Segment Start: Supplied information
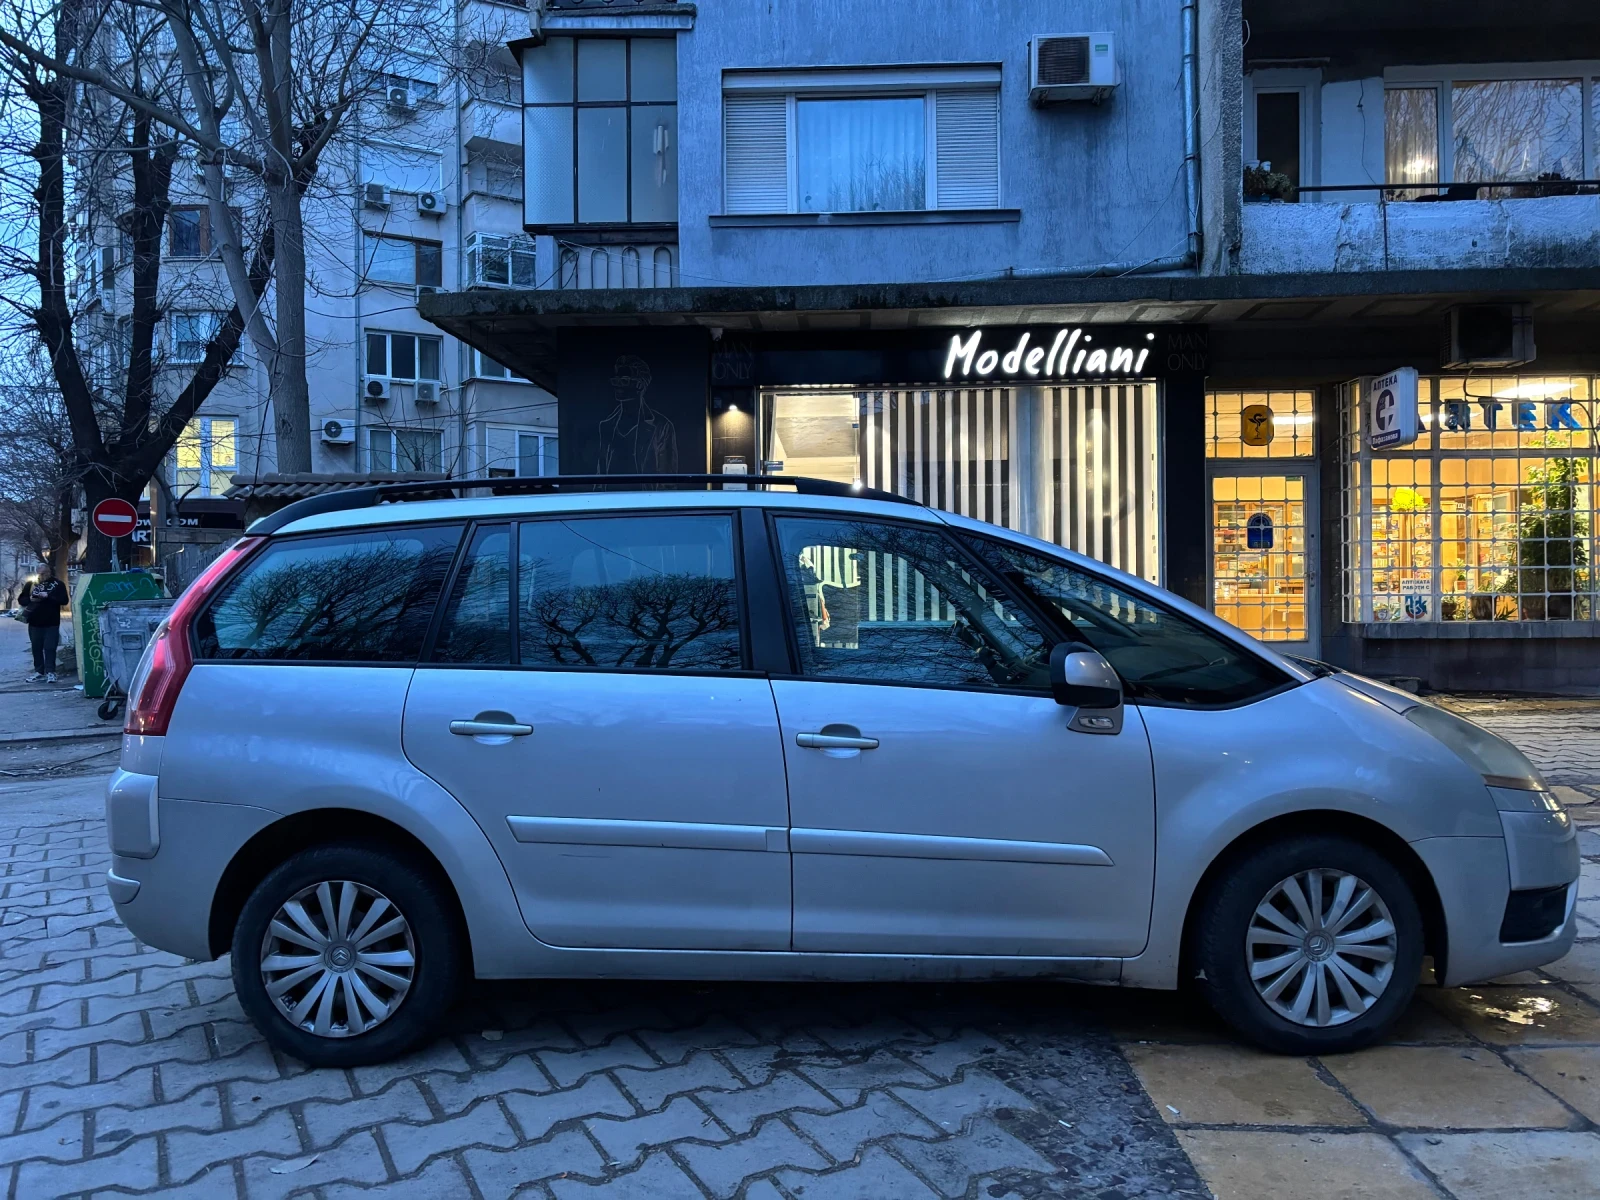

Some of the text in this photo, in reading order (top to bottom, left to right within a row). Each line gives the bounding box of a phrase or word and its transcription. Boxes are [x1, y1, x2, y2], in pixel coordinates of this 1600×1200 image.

[1168, 332, 1208, 350] MAN
[944, 328, 1155, 378] Modelliani
[1168, 353, 1208, 371] ONLY
[712, 361, 753, 380] ONLY
[1373, 374, 1398, 391] АПТЕКА
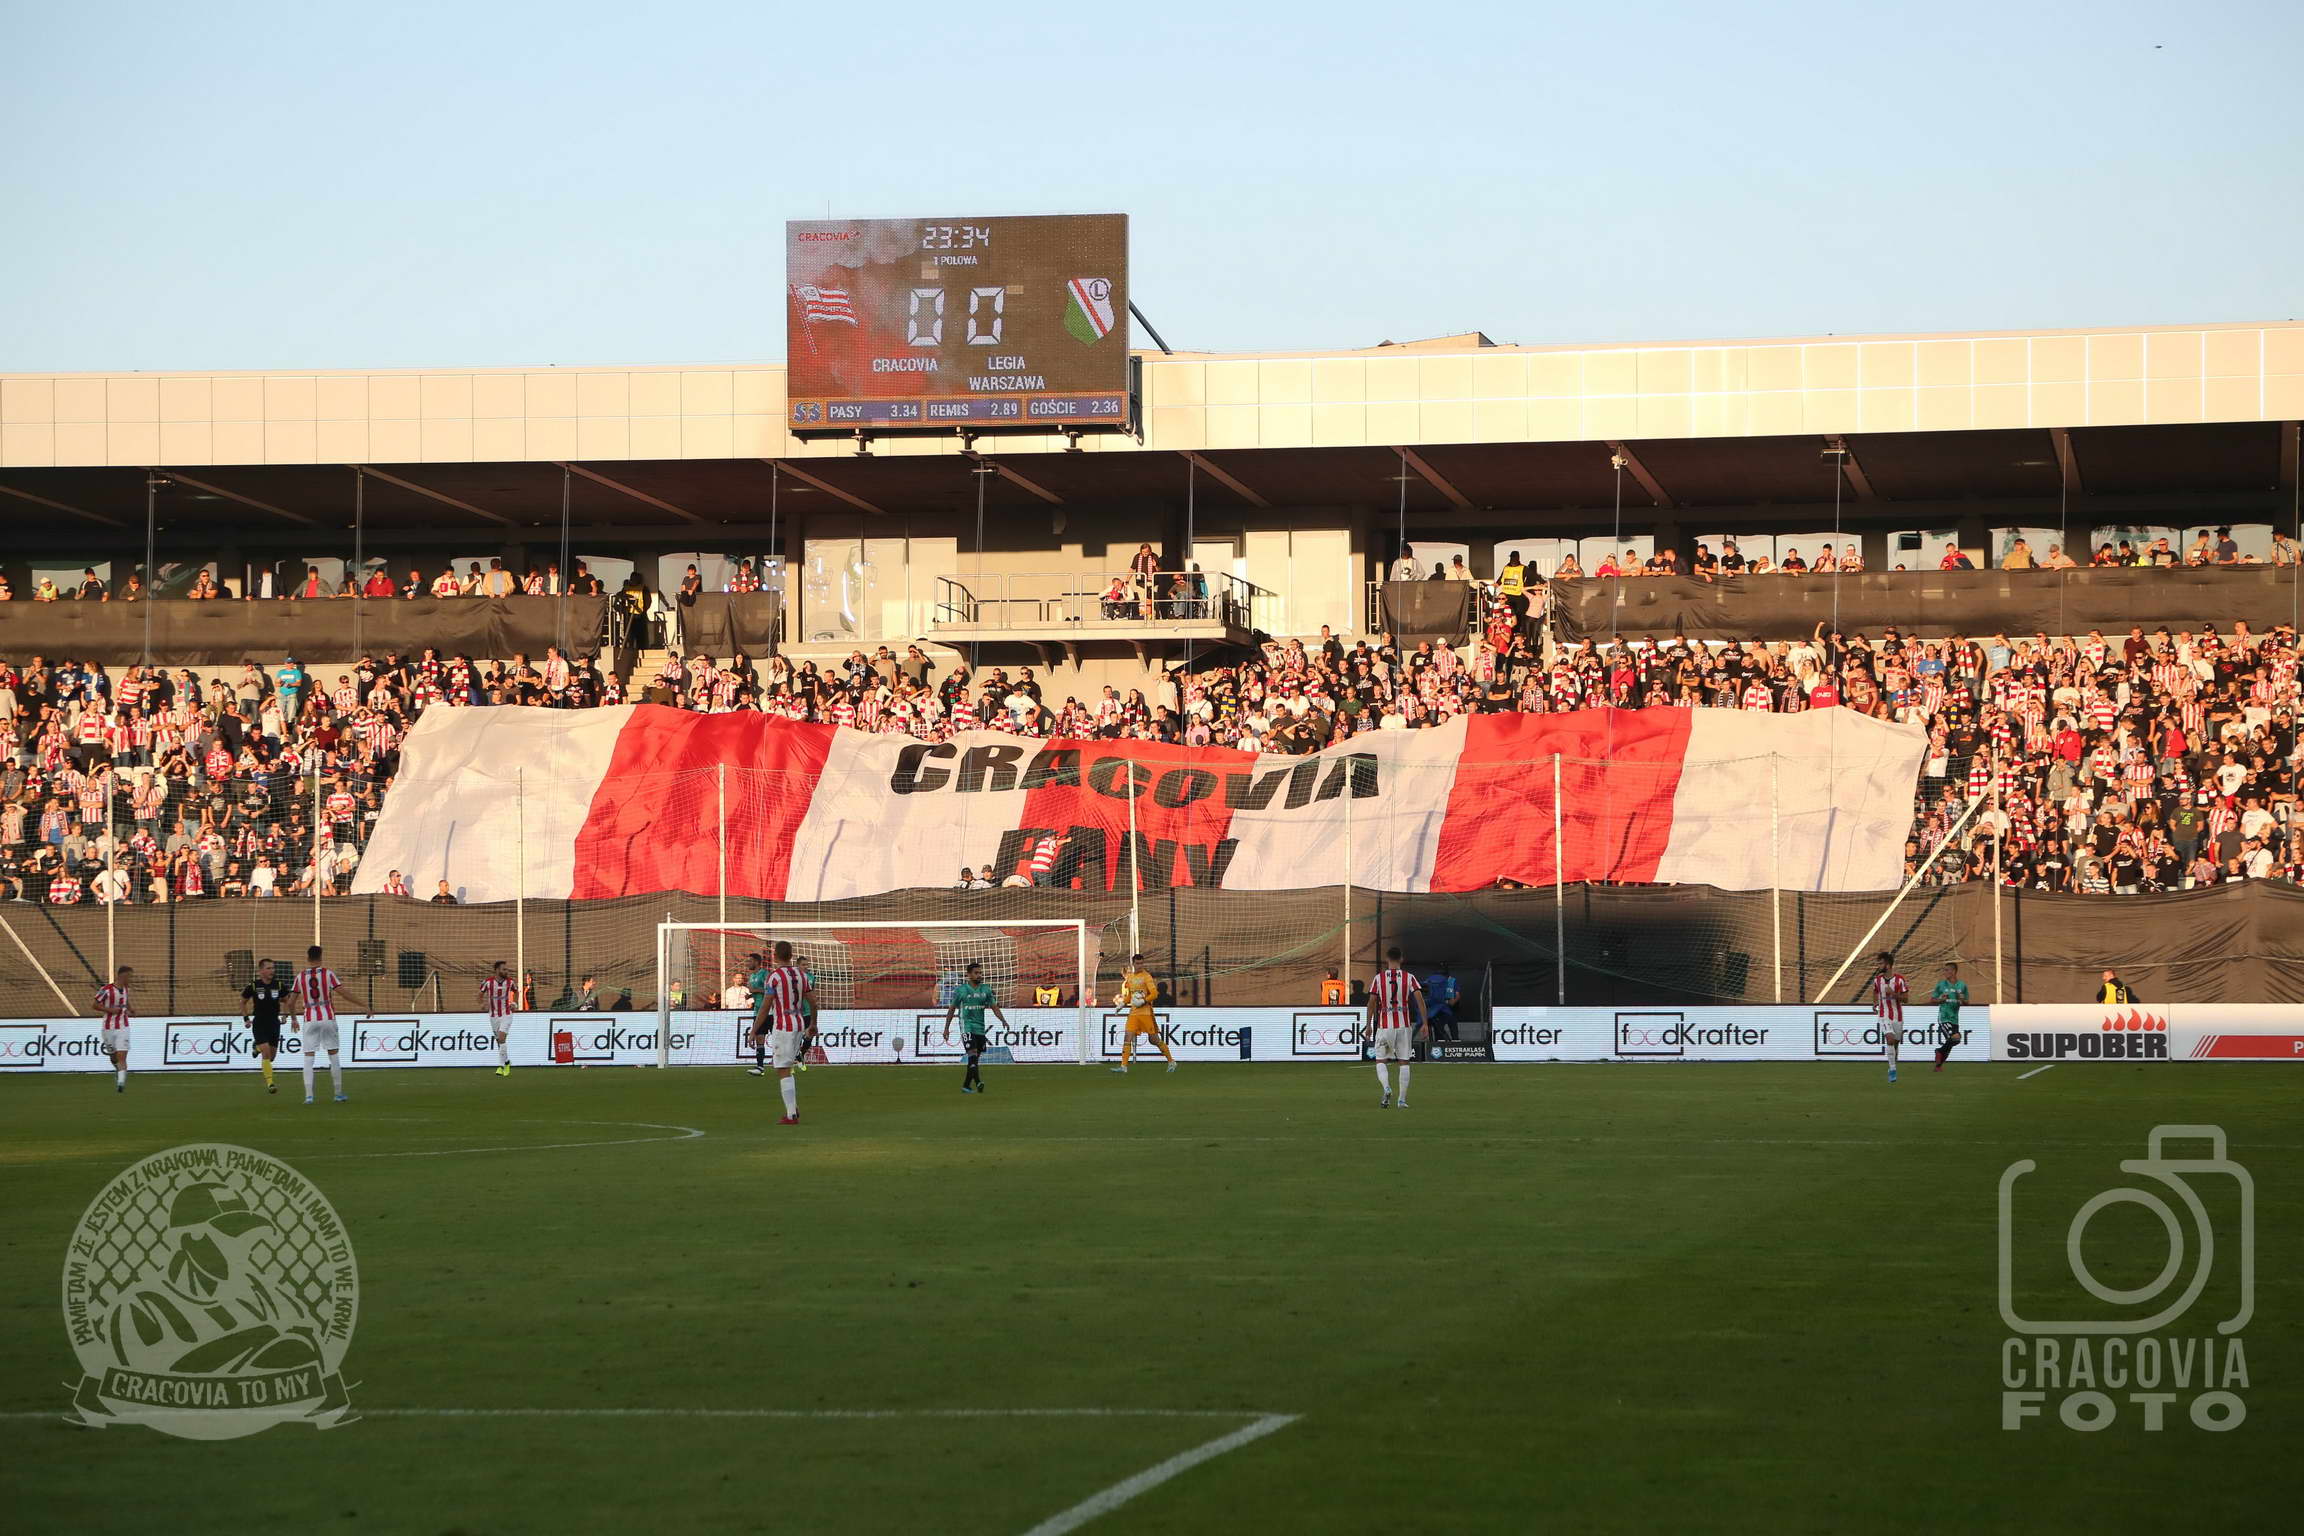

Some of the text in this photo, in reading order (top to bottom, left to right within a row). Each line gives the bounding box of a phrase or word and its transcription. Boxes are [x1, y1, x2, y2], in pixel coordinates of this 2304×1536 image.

[798, 232, 849, 242] CRACOVIA
[922, 226, 990, 249] 23:34
[907, 287, 945, 347] 0
[967, 286, 1005, 346] 0
[872, 358, 939, 373] CRACOVIA
[987, 356, 1026, 370] LEGIA
[968, 375, 1046, 391] WARSZAWA
[829, 404, 918, 419] PASY 3.34
[929, 402, 1018, 417] REMIS 2.89
[1030, 399, 1119, 415] GOŚCIE 2.36
[890, 742, 1380, 811] CRACOVIA
[1620, 1023, 1769, 1045] foodKrafter
[2006, 1033, 2168, 1058] SUPOBER
Segment End: Supplied information
**What is being asked**. Reproduce all of the data exactly; the pictures do not belong in the copy.

**Answer to the exercise**.
Some of the text in this photo, in reading order (top to bottom, left to right within a row). Each line gives the bounding box of a phrase or word and its transcription. Boxes are [x1, y1, x2, y2], in pixel coordinates of this 1600×1200 image.

[1168, 332, 1208, 350] MAN
[944, 328, 1155, 378] Modelliani
[1168, 353, 1208, 371] ONLY
[712, 361, 753, 380] ONLY
[1373, 374, 1398, 391] АПТЕКА

Some of the text in this photo, in reading order (top to bottom, left to right within a row). Each line gives the bounding box of a phrase or word and its transcription. Boxes are [x1, y1, x2, y2], in pixel coordinates of this 2304×1536 image.

[798, 232, 849, 242] CRACOVIA
[922, 226, 990, 249] 23:34
[907, 287, 945, 347] 0
[967, 286, 1005, 346] 0
[872, 358, 939, 373] CRACOVIA
[987, 356, 1026, 370] LEGIA
[968, 375, 1046, 391] WARSZAWA
[829, 404, 918, 419] PASY 3.34
[929, 402, 1018, 417] REMIS 2.89
[1030, 399, 1119, 415] GOŚCIE 2.36
[890, 742, 1380, 811] CRACOVIA
[1620, 1023, 1769, 1045] foodKrafter
[2006, 1033, 2168, 1058] SUPOBER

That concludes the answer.